This is a problem.
My cycle, which has been like a frigging metronome for months, has just decided to mix things up a bit. Of course.
Hmm, y'all probably need some back story.
I've tried to stay fairly cryptic about our plans until now, because we hadn't discussed disclosure with our donor. However, we've hashed that out (along with about a hundred other details) and we now know that none of us are too worried about keeping our identities confidential. So... it's M's brother, KD. Some of you may have suspected this, as I know M and I have been open in the past about our desire to use one of her brothers as a donor someday. I've learned over the past few months that translating our "someday" dreams into present day action involves more research, soul-searching, dialoguing, and humility than I ever imagined. Asking KD to be our donor was difficult, but I am SO glad we did it. He and his wife have been nothing but open and wonderful so far, and they are making this process as easy and empowering to us as humanly possible.
So, we were thinking of starting this month, but September has been a complete roller-coaster thus far, so we put it off until October.
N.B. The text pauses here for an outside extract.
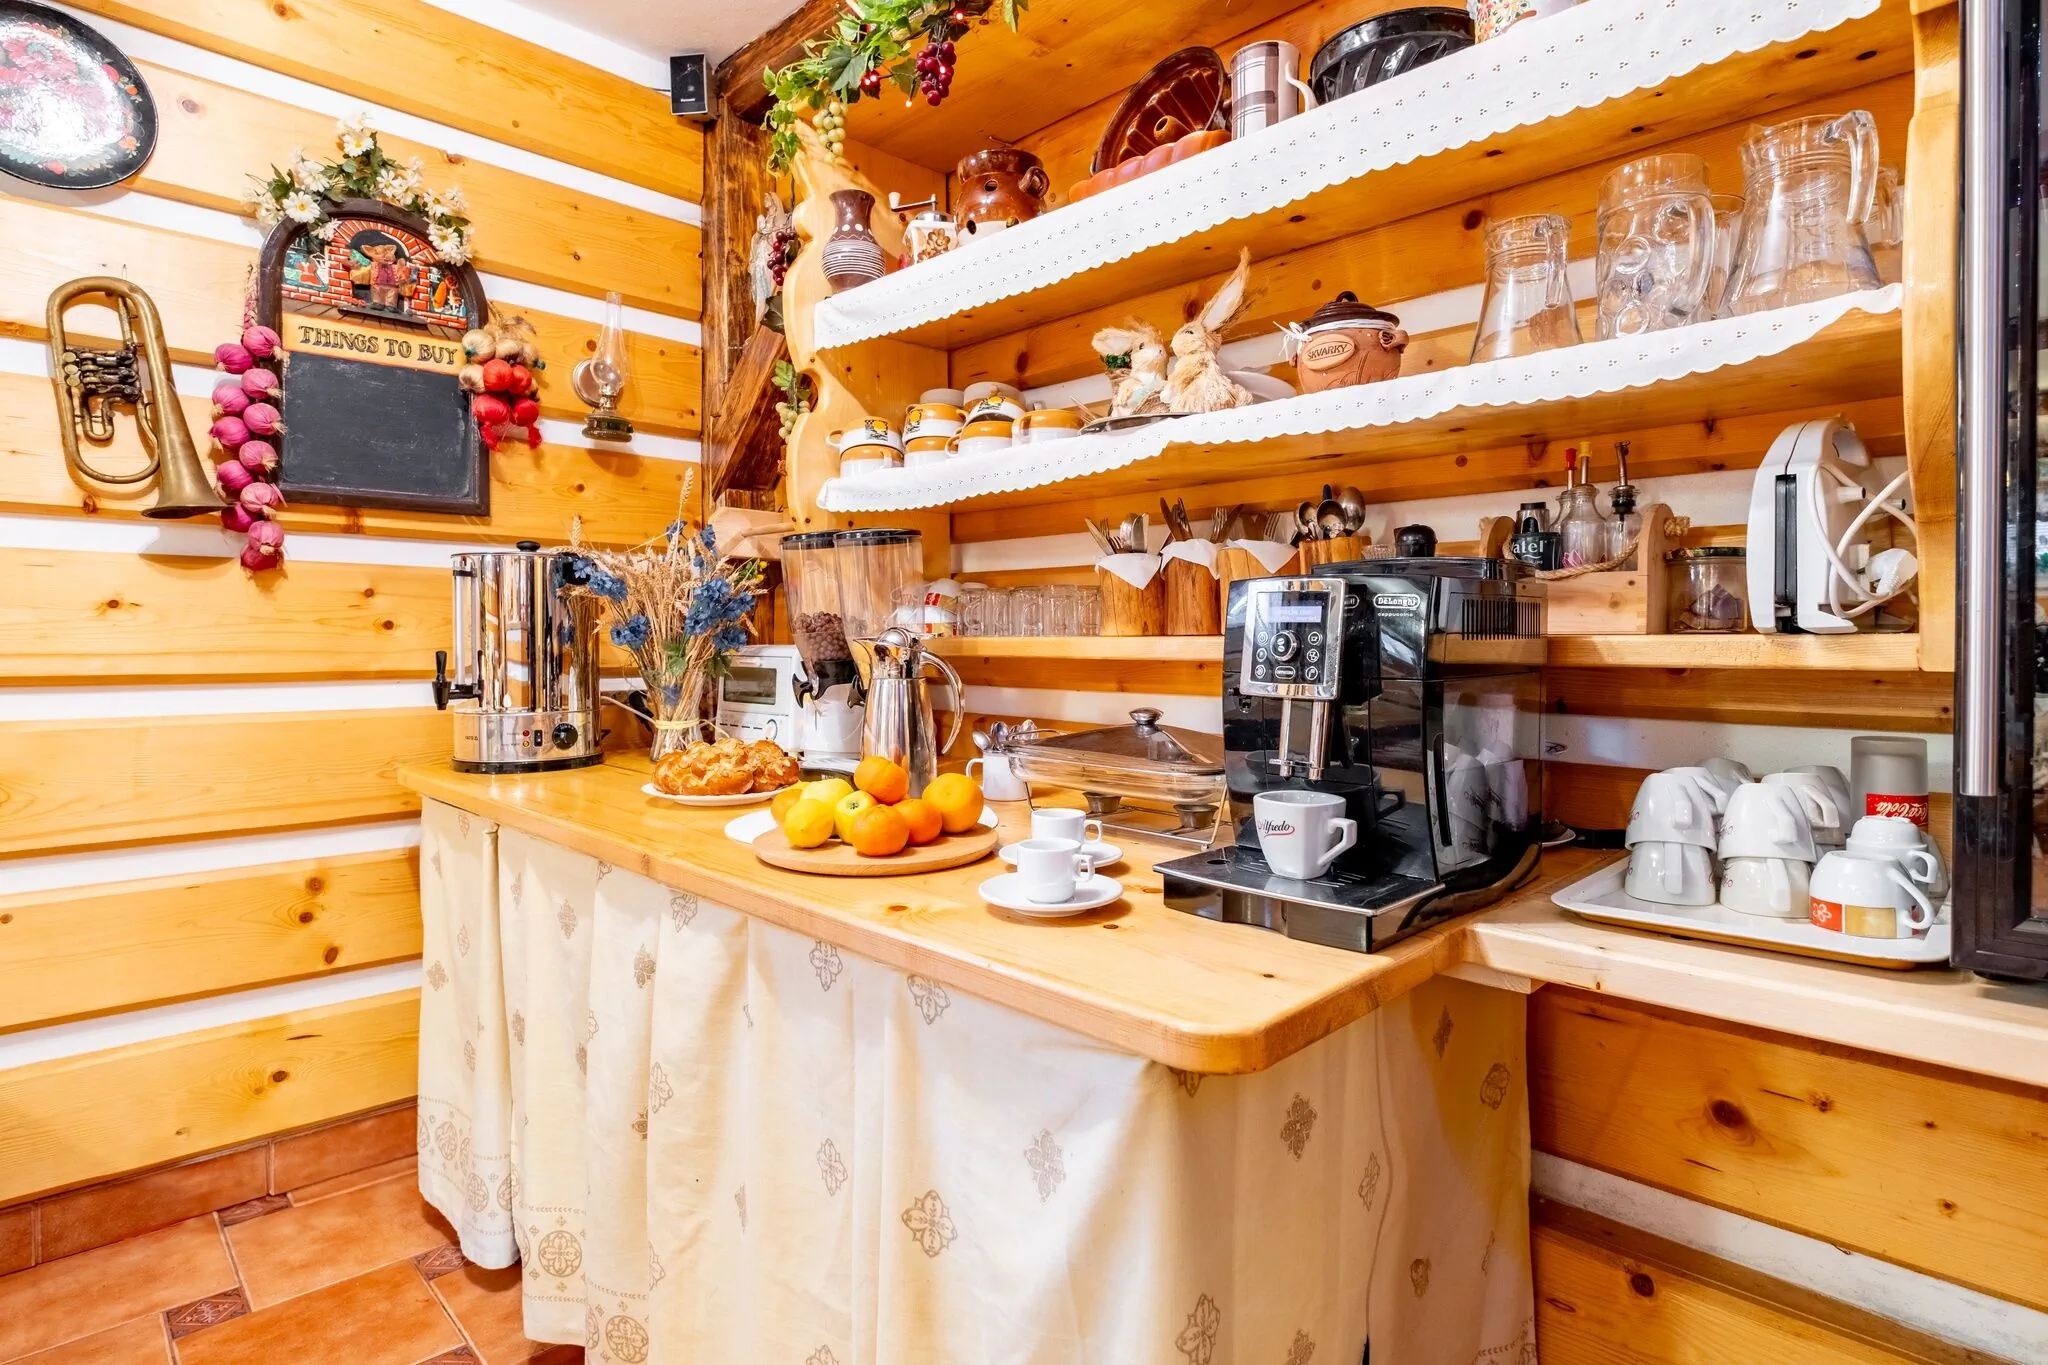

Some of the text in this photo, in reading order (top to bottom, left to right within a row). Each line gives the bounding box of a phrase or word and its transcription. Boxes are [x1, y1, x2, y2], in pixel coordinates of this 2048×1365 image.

[298, 325, 458, 365] THINGS TO BUY
Good thing, too, because in addition to my dental fiasco of the week, I am also now ovulating 2 days early. This means that, had we scheduled travel to KD on this cycle, we would have missed the window of opportunity altogether. I guess avoiding this pitfall is the silver lining for waiting a month, cause flights are not cheap.
The problem is that me ovulating early has introduced the first shadow of doubt into what I thought was going to be the easiest part of the process - the timing. I am not kidding when I say you could set a clock by my cycles. I must have jinxed myself by counting on that. It is VERY weird that things are off by as large a margin as 2 days. Here I am cruising along thinking we are safe to book flights for our trip in October whenever we see good fares. Now, it looks like we need to wait until the last minute to see where I'm at. Also, if this messes up my whole cycle (so that my period comes 2 days early now), that throws our dates for October - which are presently conveniently situated Fri-Mon - into the middle of a week, making it difficult, if not impossible, for M to go out with me for the inseminations. Blah. I'm hoping the stress of the last week or so has just gotten things off kilter and my body will right itself before the end of this cycle. I wonder how many yoga classes I can squeeze in this weekend... ;-)
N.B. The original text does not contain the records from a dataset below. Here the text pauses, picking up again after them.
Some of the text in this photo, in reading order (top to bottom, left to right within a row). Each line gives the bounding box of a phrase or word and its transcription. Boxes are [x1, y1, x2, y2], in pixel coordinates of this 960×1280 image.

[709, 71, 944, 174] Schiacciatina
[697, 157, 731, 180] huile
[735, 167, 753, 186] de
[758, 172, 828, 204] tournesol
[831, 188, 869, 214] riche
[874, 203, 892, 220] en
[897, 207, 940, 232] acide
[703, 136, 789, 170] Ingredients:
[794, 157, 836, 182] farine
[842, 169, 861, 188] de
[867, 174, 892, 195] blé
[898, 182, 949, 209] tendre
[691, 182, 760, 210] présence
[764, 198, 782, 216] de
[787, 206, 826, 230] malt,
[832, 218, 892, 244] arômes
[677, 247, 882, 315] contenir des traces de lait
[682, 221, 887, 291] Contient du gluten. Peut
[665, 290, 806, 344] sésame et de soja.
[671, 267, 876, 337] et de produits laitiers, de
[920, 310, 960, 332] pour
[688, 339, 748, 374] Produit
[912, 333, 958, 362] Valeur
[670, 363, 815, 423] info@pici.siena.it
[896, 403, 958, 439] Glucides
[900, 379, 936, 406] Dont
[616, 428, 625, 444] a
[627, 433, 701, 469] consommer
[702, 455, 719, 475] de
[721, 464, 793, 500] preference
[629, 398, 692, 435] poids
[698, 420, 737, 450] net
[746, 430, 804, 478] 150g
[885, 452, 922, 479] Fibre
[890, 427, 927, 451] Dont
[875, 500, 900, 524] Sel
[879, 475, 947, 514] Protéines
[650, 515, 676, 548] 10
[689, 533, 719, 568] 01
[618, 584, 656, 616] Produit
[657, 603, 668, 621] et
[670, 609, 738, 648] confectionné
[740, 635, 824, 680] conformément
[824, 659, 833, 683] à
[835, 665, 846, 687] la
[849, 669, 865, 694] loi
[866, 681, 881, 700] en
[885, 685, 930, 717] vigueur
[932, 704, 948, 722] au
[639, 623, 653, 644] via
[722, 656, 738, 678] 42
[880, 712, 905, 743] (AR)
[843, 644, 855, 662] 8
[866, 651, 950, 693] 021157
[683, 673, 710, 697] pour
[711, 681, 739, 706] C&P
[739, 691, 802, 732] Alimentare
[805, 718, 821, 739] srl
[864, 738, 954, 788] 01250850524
I shouldn't end on a down note, even if it's just venting, because overall, I am SO FREAKING EXCITED about where we are in this process. I can't believe we're finally ready to take action after planning for so long. I know that in the end, things will work out as they are meant to. It's fun to see M getting excited about it. Of course we're both freaked out, too - parenting is the greatest challenge we'll ever embark upon mentally, emotionally, physically, and financially - but we're mostly excited, and it's a really fun thing to be excited about together.
So, I'll keep y'all posted. Cross your fingers that everything stays on track and we have good news to share before the holidays!